自分の相続税は納付済みであっても、他の相続人が相続税を滞納すると、その滞納分も納めなければならない場合があります。相続税や贈与税にまつわる「連帯納付義務」について、元国税徴収官が分かり易く説明します。

◇連帯納付義務とは
相続人は、相続により取得した財産の価額を限度として、他の相続人が納付すべき相続税額について連帯して納付しなければならない義務があります(相続税法第34条第1項)。

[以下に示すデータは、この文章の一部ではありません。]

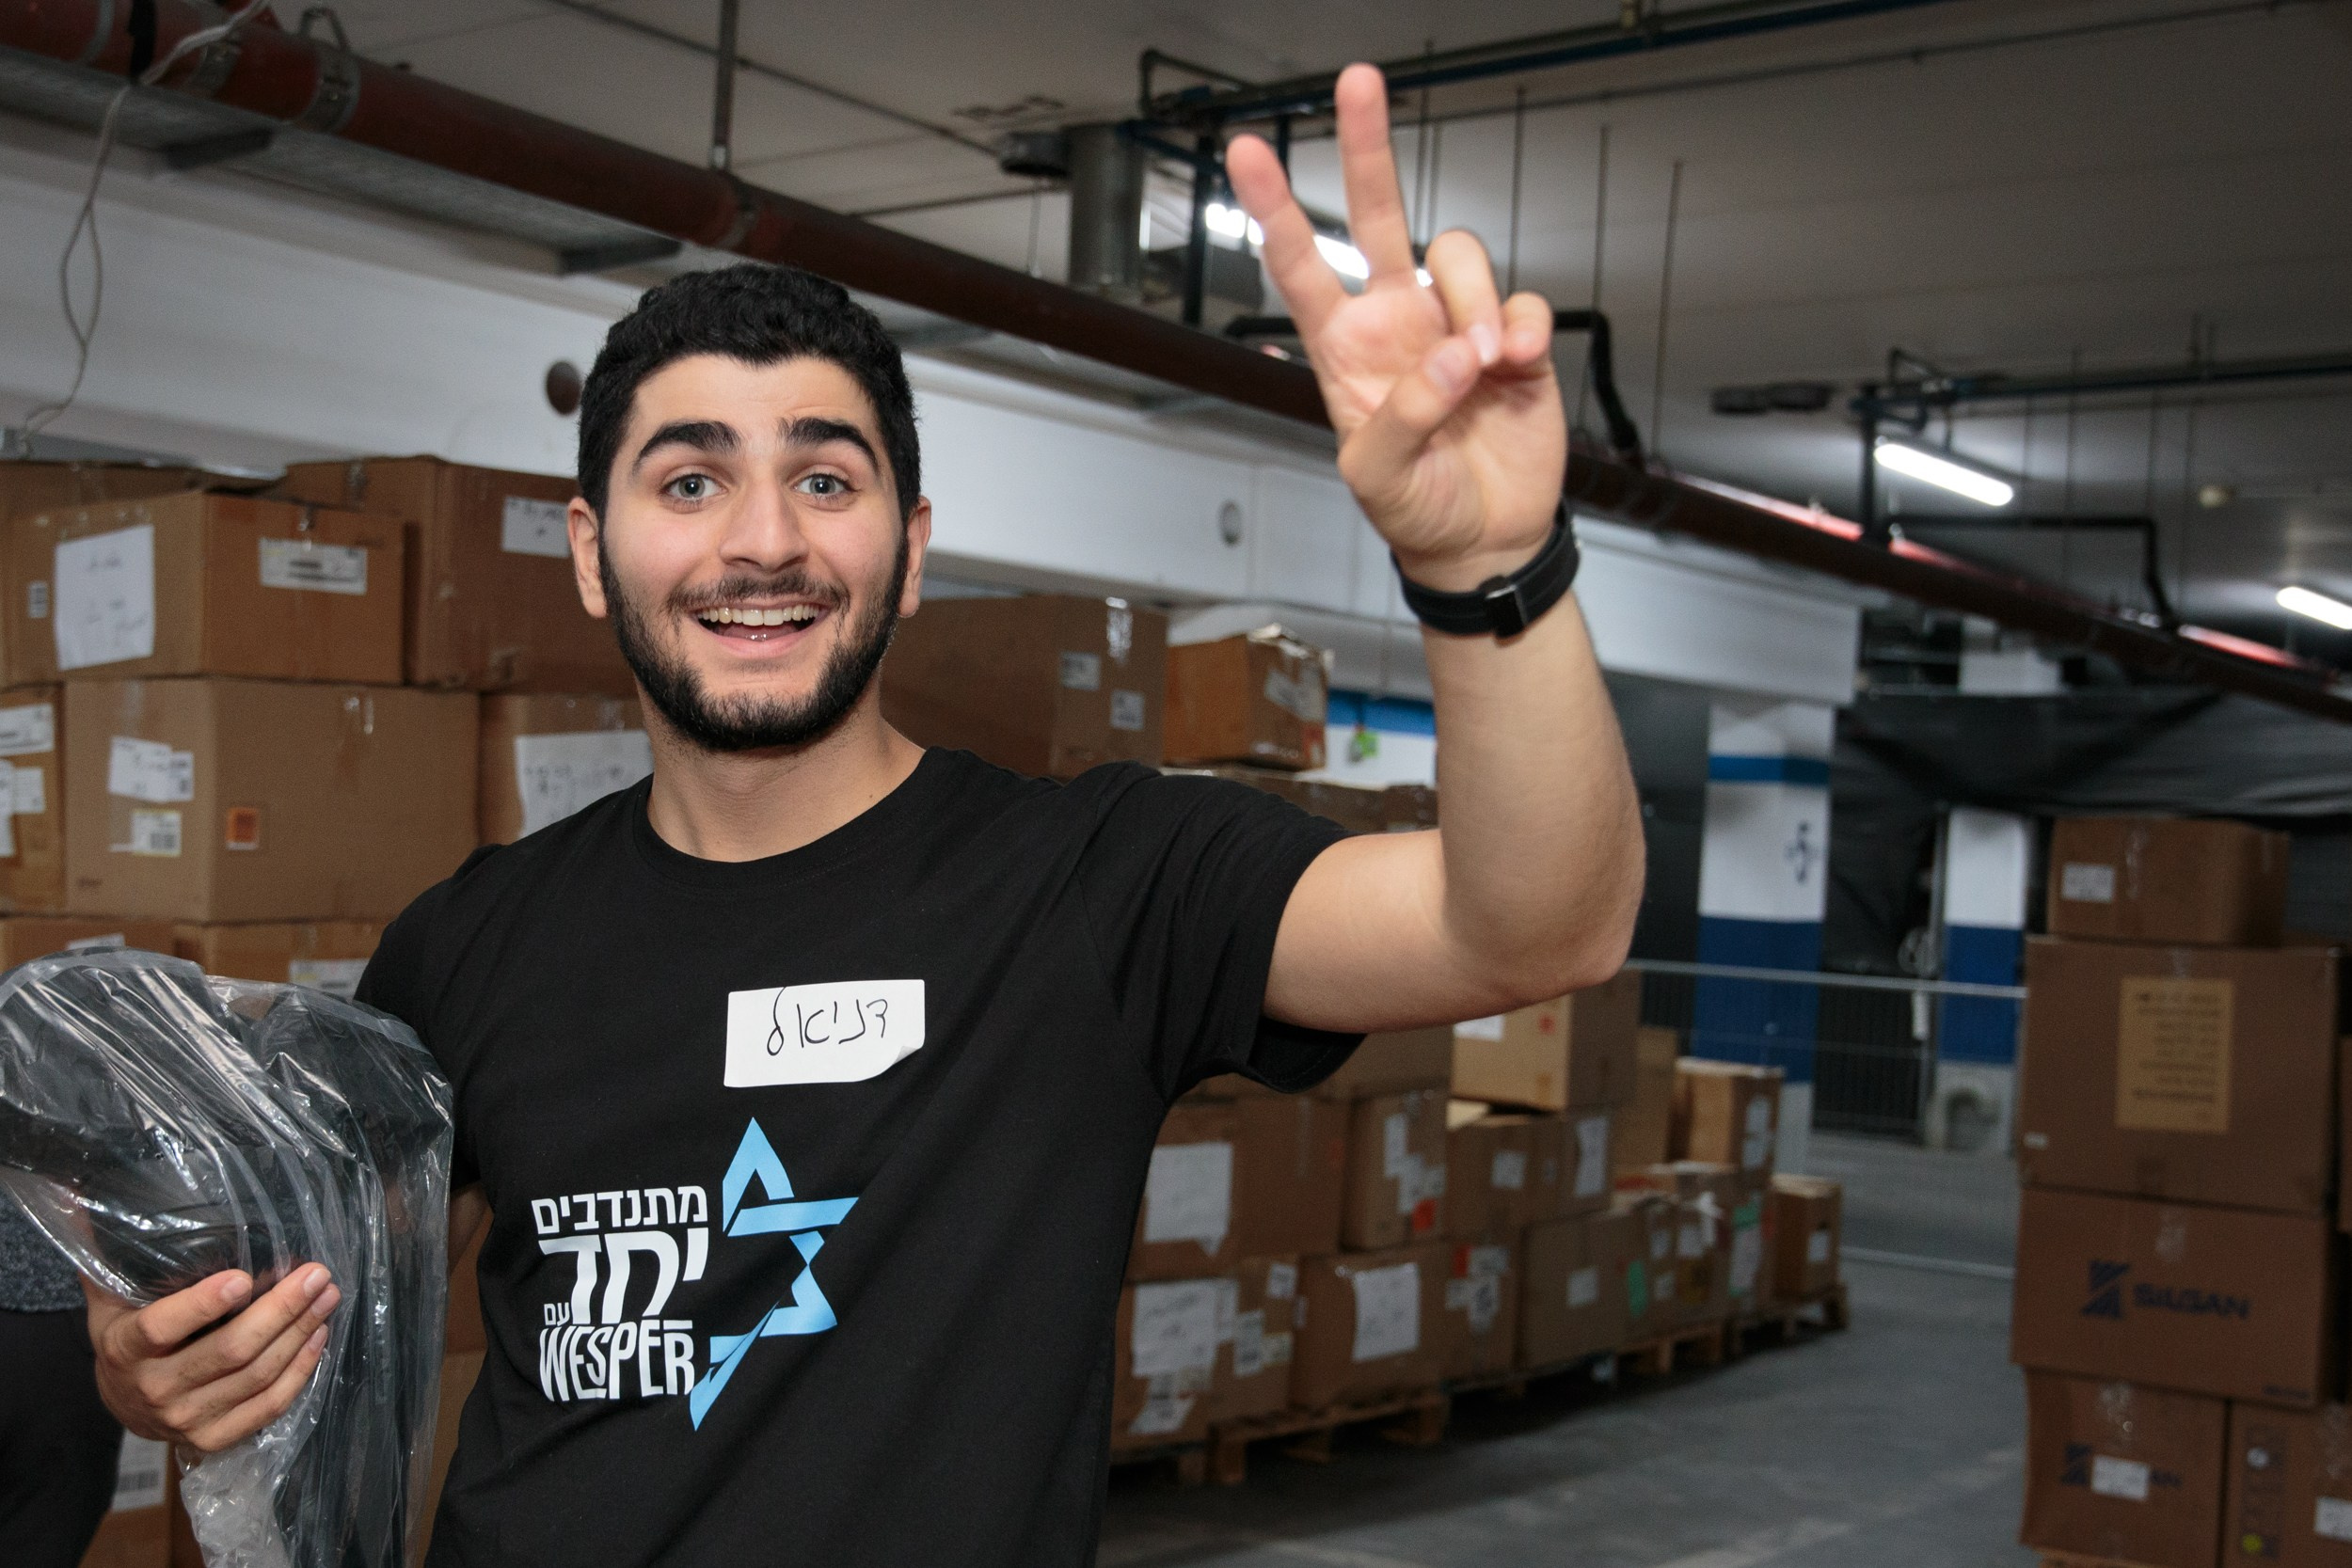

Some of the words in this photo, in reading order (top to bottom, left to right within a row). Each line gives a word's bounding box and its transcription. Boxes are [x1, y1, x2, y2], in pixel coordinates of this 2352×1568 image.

また、財産を贈与した人(贈与者)は、財産をもらった人(受贈者)が贈与税を納付していない場合には、贈与した財産の価額に相当する金額を限度として連帯して納付しなければならない義務があります(相続税法第34条第4項)。
これを「連帯納付義務」といいます。
◇なぜ連帯納付義務があるのか
この連帯納付義務は、「同一の被相続人からの相続によって生じた相続税については、相続人が共同して責任を負うべきである」との考え方や租税回避防止などの観点から設けられているものです。
◇連帯納付義務の税制改正
しかしながら、従来から以下のような問題点も指摘されていました。
①当初の申告時に相続人等が連帯納付義務を十分に認識しておらず、また、他の相続人等の納税義務の履行状況が分からないため、連帯納付義務者にとっては、突然に納付を求められる場合があること
②連帯納付義務者が連帯納付義務を履行する時点では長期間が経過しており、既に多額の延滞税が加算されている場合があること
実際に筆者の経験談を少しお話ししましょう。平成16~17年頃の某税務署でのお話です。
相続税の年賦延納許可を受けた納税者が、毎年の分納を滞納していたことから、延納の許可取消しを行い滞納処分へ移行しました。それでも納付が見込めないことから、他の相続人へ連帯納付義務の通知を出しました。
通知を受けた相続人(連帯納付義務者)はさぞかしびっくりしたことでしょう。何故なら、自分の相続税はとっくに納税済みであり、10年近くも経って税務署から他の相続人の相続税を延滞税も含めて支払えとの催促が来たのですから。
こうした問題点に対応するために、平成23年と平成24年の税制改正によって連帯納付義務に関する改正が行われました。